[Collected data]
* * *
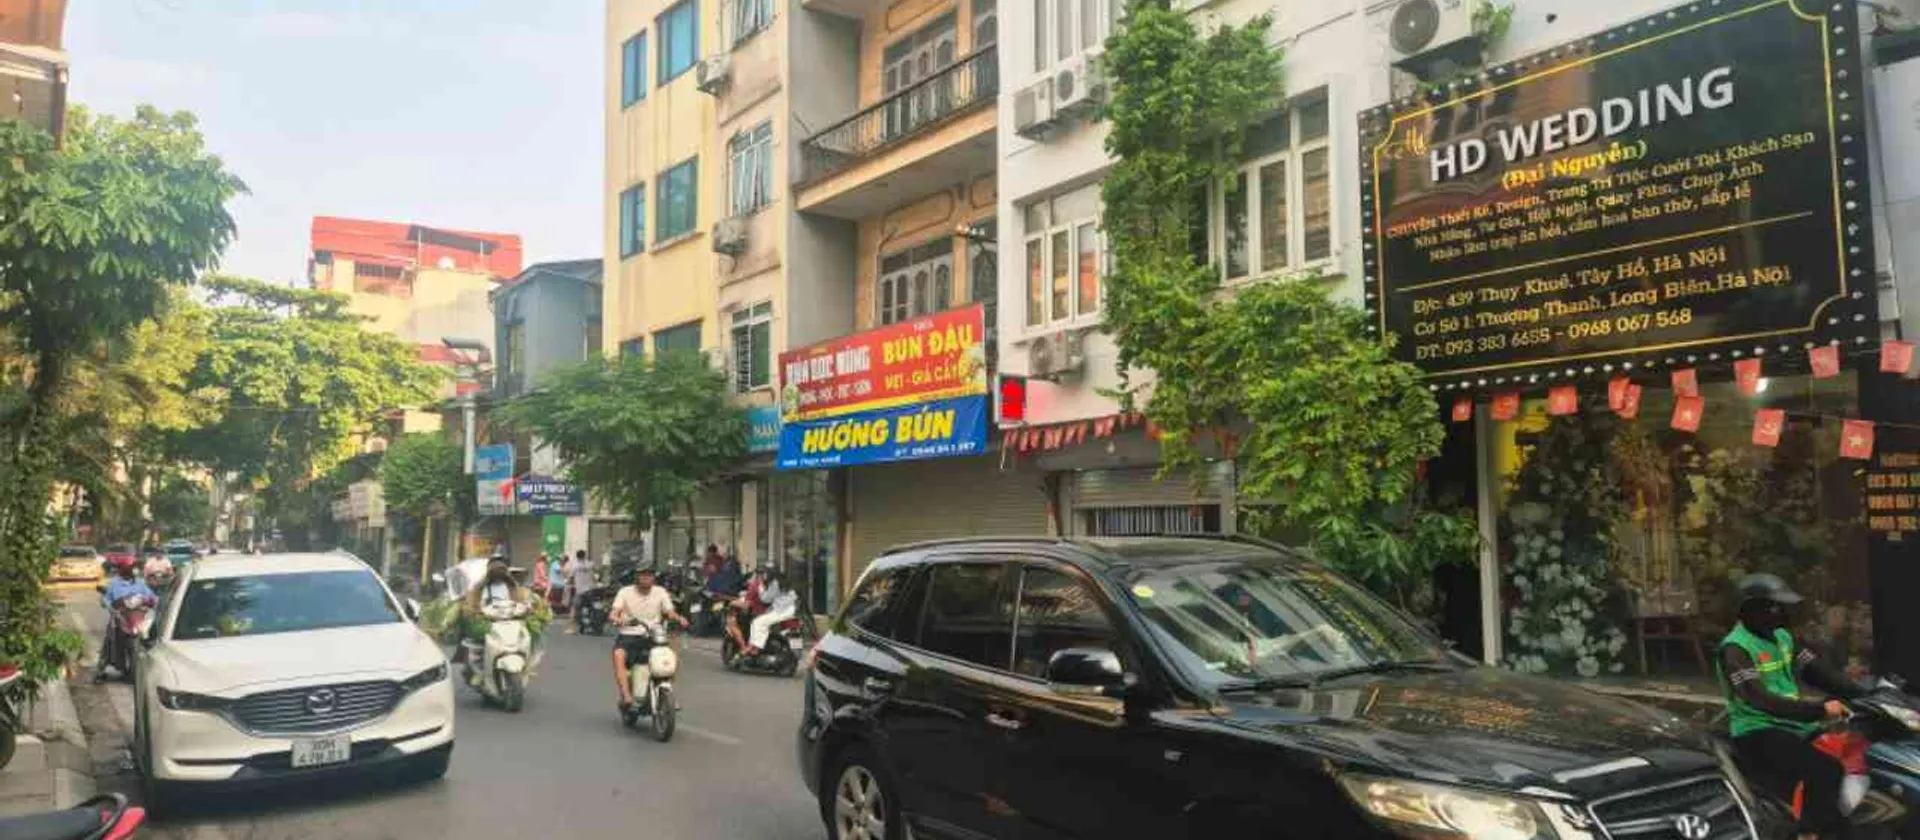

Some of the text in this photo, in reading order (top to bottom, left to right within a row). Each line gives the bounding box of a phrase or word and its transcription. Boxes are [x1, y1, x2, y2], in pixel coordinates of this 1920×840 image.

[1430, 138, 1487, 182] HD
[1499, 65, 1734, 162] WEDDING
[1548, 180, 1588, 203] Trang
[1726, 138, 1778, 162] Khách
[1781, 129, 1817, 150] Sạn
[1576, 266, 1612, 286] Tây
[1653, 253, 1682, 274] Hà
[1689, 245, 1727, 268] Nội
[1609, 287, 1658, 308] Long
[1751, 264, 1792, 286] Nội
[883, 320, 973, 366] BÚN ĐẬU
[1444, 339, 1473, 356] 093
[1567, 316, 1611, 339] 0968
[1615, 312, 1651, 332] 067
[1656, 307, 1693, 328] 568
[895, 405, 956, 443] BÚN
* * *
*What the task asks*: Each entry is to be output exactly, and no picture is to appear.

*Task response*:
Some of the text in this photo, in reading order (top to bottom, left to right within a row). Each line gives the bounding box of a phrase or word and its transcription. Boxes are [x1, y1, x2, y2], in pixel coordinates of this 1920×840 image.

[1430, 138, 1487, 182] HD
[1499, 65, 1734, 162] WEDDING
[1548, 180, 1588, 203] Trang
[1726, 138, 1778, 162] Khách
[1781, 129, 1817, 150] Sạn
[1576, 266, 1612, 286] Tây
[1653, 253, 1682, 274] Hà
[1689, 245, 1727, 268] Nội
[1609, 287, 1658, 308] Long
[1751, 264, 1792, 286] Nội
[883, 320, 973, 366] BÚN ĐẬU
[1444, 339, 1473, 356] 093
[1567, 316, 1611, 339] 0968
[1615, 312, 1651, 332] 067
[1656, 307, 1693, 328] 568
[895, 405, 956, 443] BÚN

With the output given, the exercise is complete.